Task statement: Print out the data precisely as it appears here, with no pictures.

[Text-to-region grounding data]

------------------------------

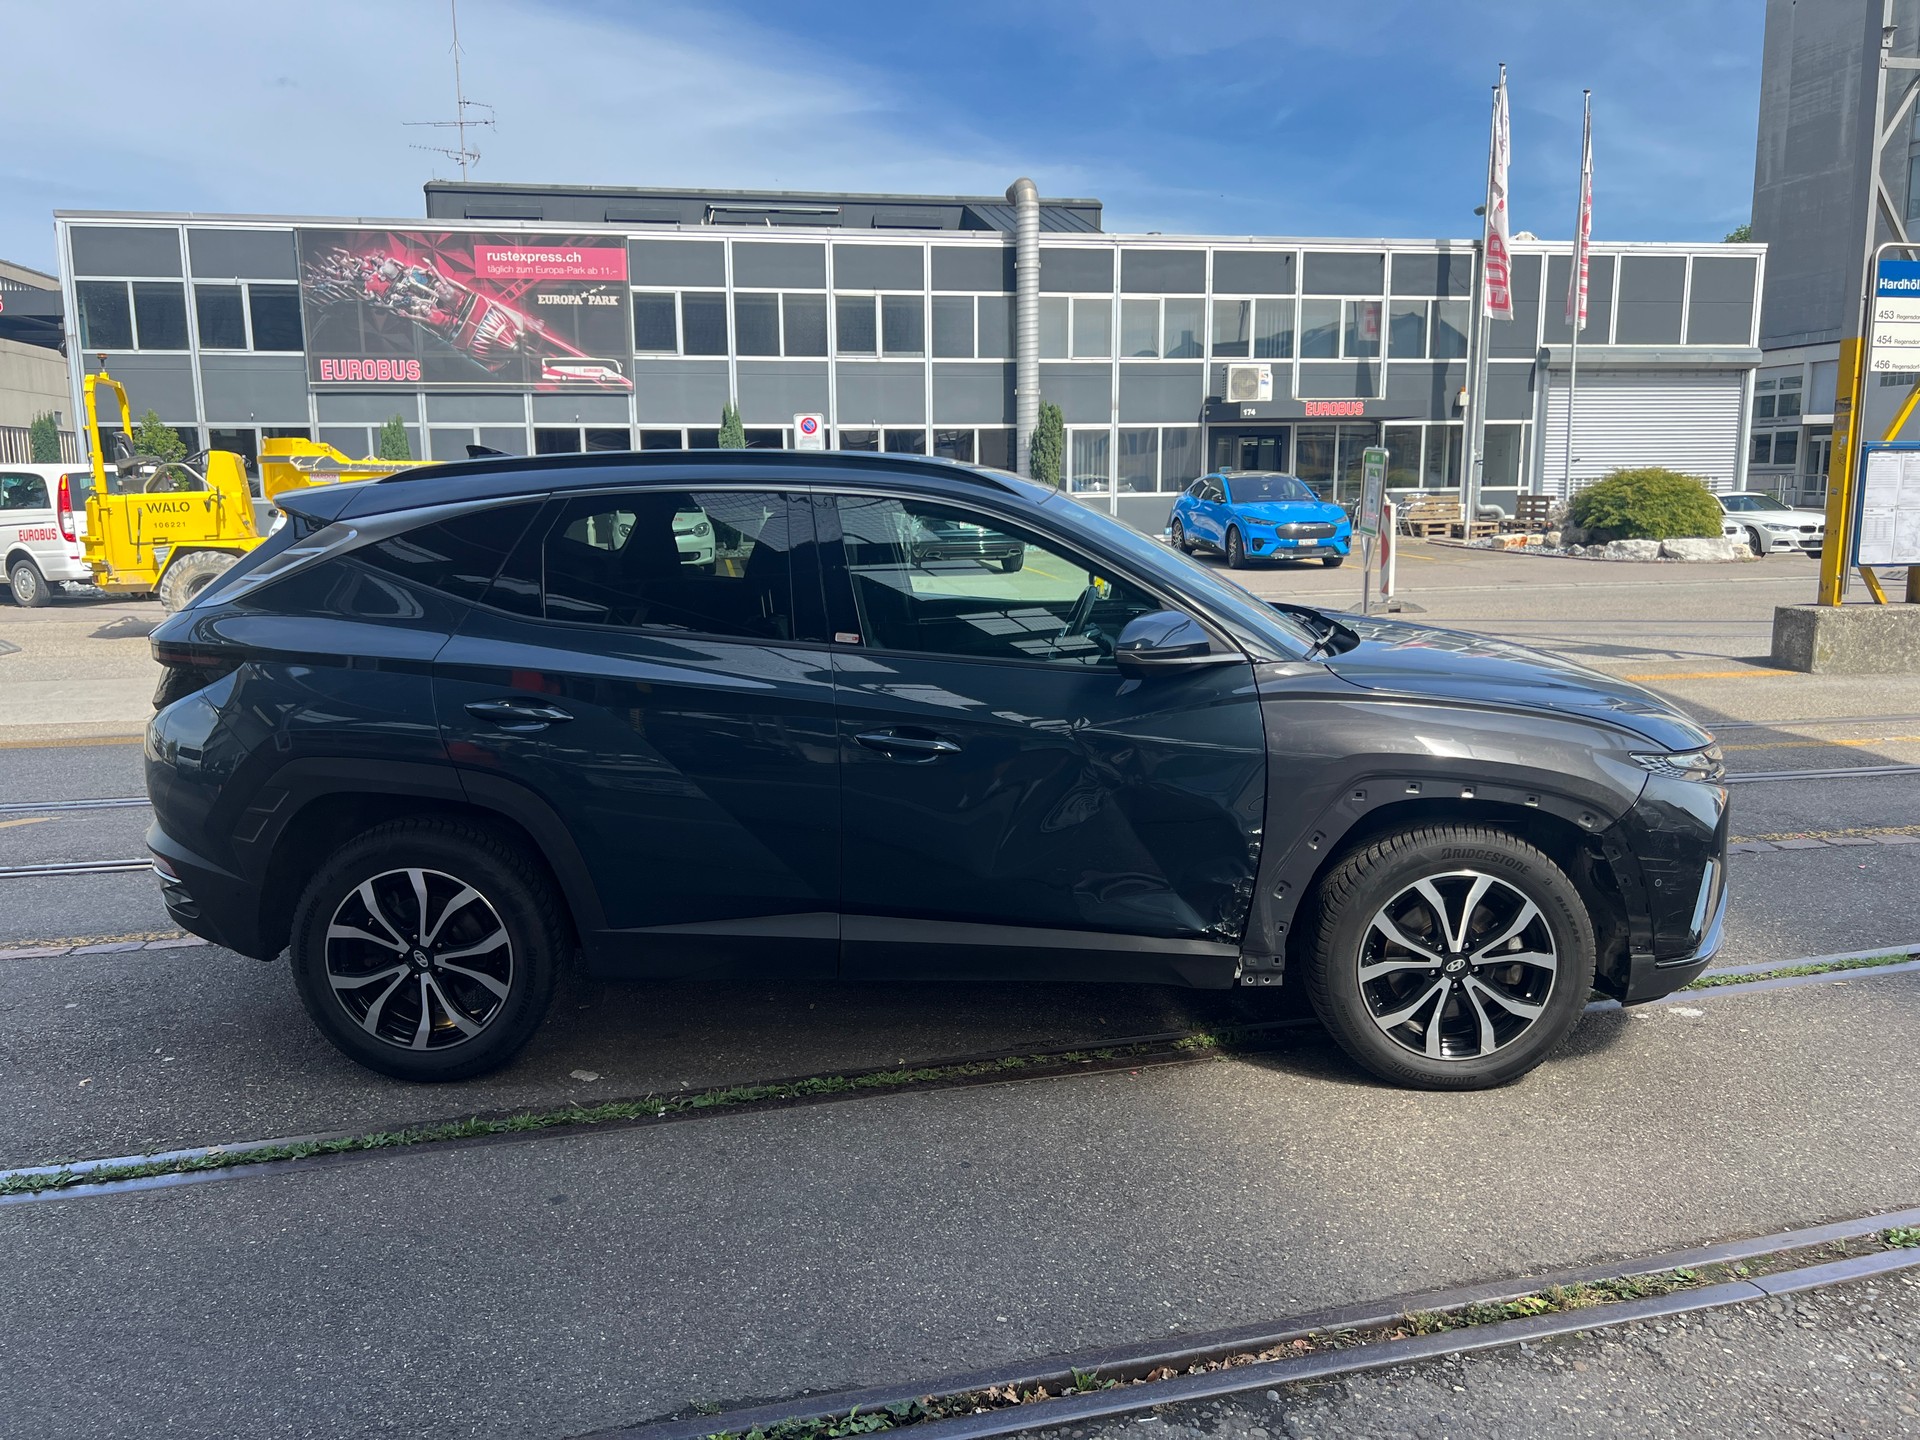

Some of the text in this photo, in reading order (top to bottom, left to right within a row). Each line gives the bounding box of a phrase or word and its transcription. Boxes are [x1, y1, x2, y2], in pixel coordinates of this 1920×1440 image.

[486, 251, 582, 264] rustexpress.ch
[487, 265, 514, 275] täglich
[535, 266, 585, 276] Europa-Park
[587, 267, 597, 275] ab
[537, 294, 619, 305] EUROPA PARK
[1878, 310, 1894, 320] 453
[1876, 335, 1892, 345] 454
[320, 359, 421, 381] EUROBUS
[1874, 360, 1890, 370] 456
[1243, 408, 1256, 416] 174
[1305, 401, 1364, 416] EUROBUS
[146, 501, 191, 513] WALO
[18, 528, 58, 542] EUROBUS
[1440, 848, 1532, 875] BRIDGESTONE
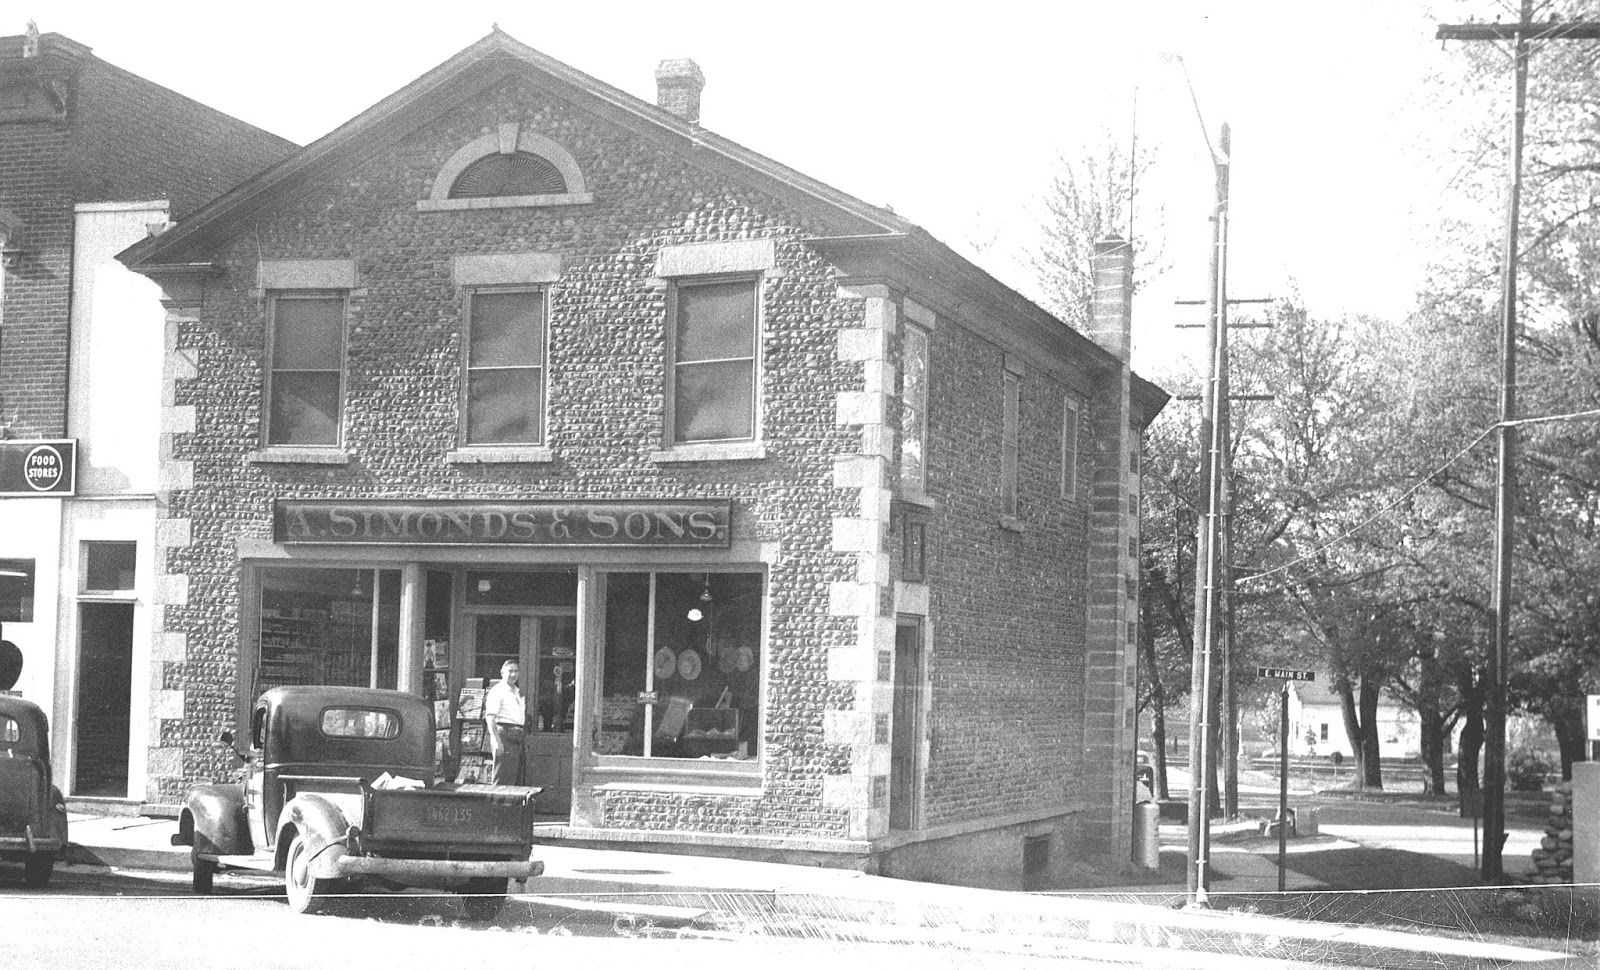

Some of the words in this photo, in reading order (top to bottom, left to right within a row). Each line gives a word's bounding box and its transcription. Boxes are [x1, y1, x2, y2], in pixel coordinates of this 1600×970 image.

------------------------------

Solution to this task:
Some of the text in this photo, in reading order (top to bottom, left to right within a row). Each line gives the bounding box of a phrase or word and its transcription. Boxes are [x1, y1, x2, y2], in pixel coordinates of this 1920×1440 image.

[486, 251, 582, 264] rustexpress.ch
[487, 265, 514, 275] täglich
[535, 266, 585, 276] Europa-Park
[587, 267, 597, 275] ab
[537, 294, 619, 305] EUROPA PARK
[1878, 310, 1894, 320] 453
[1876, 335, 1892, 345] 454
[320, 359, 421, 381] EUROBUS
[1874, 360, 1890, 370] 456
[1243, 408, 1256, 416] 174
[1305, 401, 1364, 416] EUROBUS
[146, 501, 191, 513] WALO
[18, 528, 58, 542] EUROBUS
[1440, 848, 1532, 875] BRIDGESTONE

Some of the words in this photo, in reading order (top to bottom, left to right within a row). Each line gives a word's bounding box and its transcription. Boxes are [x1, y1, x2, y2], in pixel coordinates of this 1600×970 image.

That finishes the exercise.